A payment gateway says a customer paid €49.99 on Tuesday. The bank statement shows €49.99 on Wednesday. The internal ledger has €49.99 with a different reference number. Three sources, one transaction, zero certainty they describe the same event.

Manual reconciliation at scale is an accounting staff problem disguised as a data engineering problem. Humans open spreadsheets, visually scan columns, and match rows by pattern recognition. It works until transaction volumes cross a few hundred per day. After that, unmatched transactions accumulate, reporting deadlines slip, and the finance team stops trusting the numbers entirely.

Core Architectural Decision

The engine treats reconciliation as a scoring problem, not a lookup problem. Instead of rigid exact-match queries that break the moment a date shifts by one day or a reference ID changes format, it evaluates every gateway–ledger pair through a 4-rule cascade and assigns a confidence score between 0.0 and 1.0.

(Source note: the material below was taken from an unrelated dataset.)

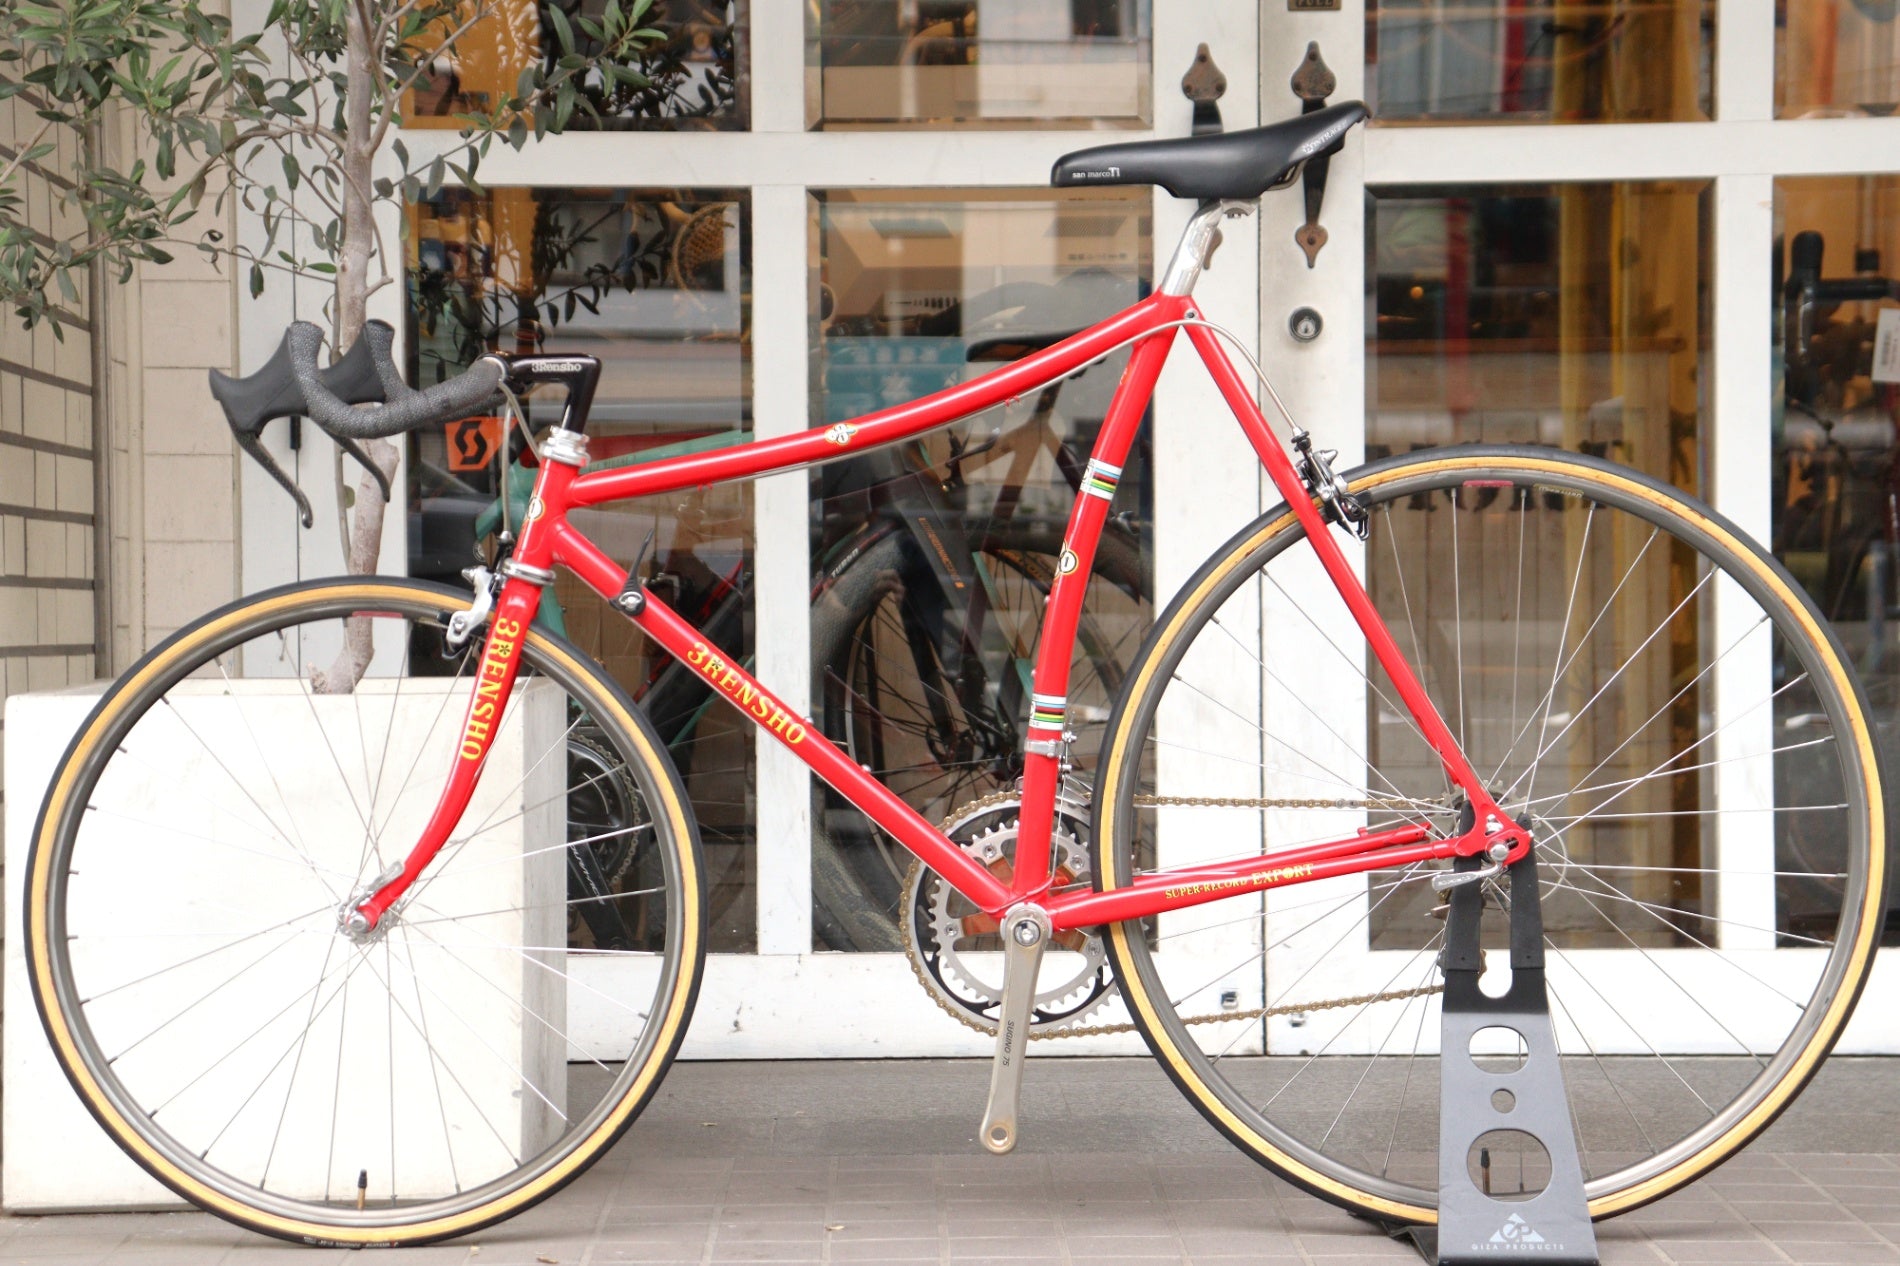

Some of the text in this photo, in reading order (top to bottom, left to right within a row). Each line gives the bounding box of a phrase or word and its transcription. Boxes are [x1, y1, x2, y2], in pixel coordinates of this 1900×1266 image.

The rules fire in parallel against each pair, and the highest-confidence match wins:

Rule Confidence What It Checks
Exact Match 1.00 Amount + currency + date + counterparty
Amount + Date 0.90 Amount + currency + date within tolerance
Reference Match 0.80 External ID substring in the other's description
Fuzzy Amount 0.75 Amount within percentage tolerance + relaxed date

A minimum confidence threshold (configurable per deployment) gates what gets persisted as a match. Everything below the threshold becomes a discrepancy.

System Topology

Why Go

The engine is CPU-bound during the scoring phase: O(n x m) pair evaluations where n is gateway transactions and m is ledger transactions. Go's goroutine scheduler, zero-cost interface dispatch, and value-type structs keep allocation pressure low during the inner loop. The entire scorer runs without a single heap allocation per pair evaluation.

The binary compiles to a single static executable. No runtime, no dependency tree at deploy time. The Docker image is a scratch container with one file.

Key Design Constraints

Money in cents, never floats. Every amount is stored as int64 representing the smallest currency unit. The parseCents function in the PayPal adapter uses math.Round(f * 100) to avoid floating-point truncation errors. The domain model enforces this — there is no float64 amount field anywhere in the transaction struct.

Deduplication is a two-tier write. Redis SETNX checks first (24-hour TTL). If Redis is unavailable, PostgreSQL ON CONFLICT DO NOTHING on the dedup_key column handles it. The dedup key is SHA-256 of source_id + external_id. This means the system tolerates Redis outages without admitting duplicates.

Distributed locking is owner-verified. The Redis lock uses SETNX for acquisition and a Lua script for release that atomically checks GET key == owner before DEL. This prevents a slow process from unlocking a lock that was already acquired by another instance after TTL expiry.

What Stays on the Roadmap

The architecture has two open extension points that I designed for but did not implement.

First: streaming ingestion. The current pipeline is pull-based. Each adapter fetches a time window and pushes rows into PostgreSQL. A webhook receiver that ingests Stripe events in real time would eliminate the polling interval entirely. The SourceAdapter interface accepts this without changes because FetchTransactions and a hypothetical HandleWebhookEvent both produce the same IngestRequest.

Second: a dashboard API. The ReconciliationRun record already captures MatchRate, DurationMs, and DiscrepancyCount per run. Exposing these over an HTTP endpoint would give finance teams a live view of reconciliation health instead of waiting for CLI output. The data already exists; the missing piece is a thin HTTP handler.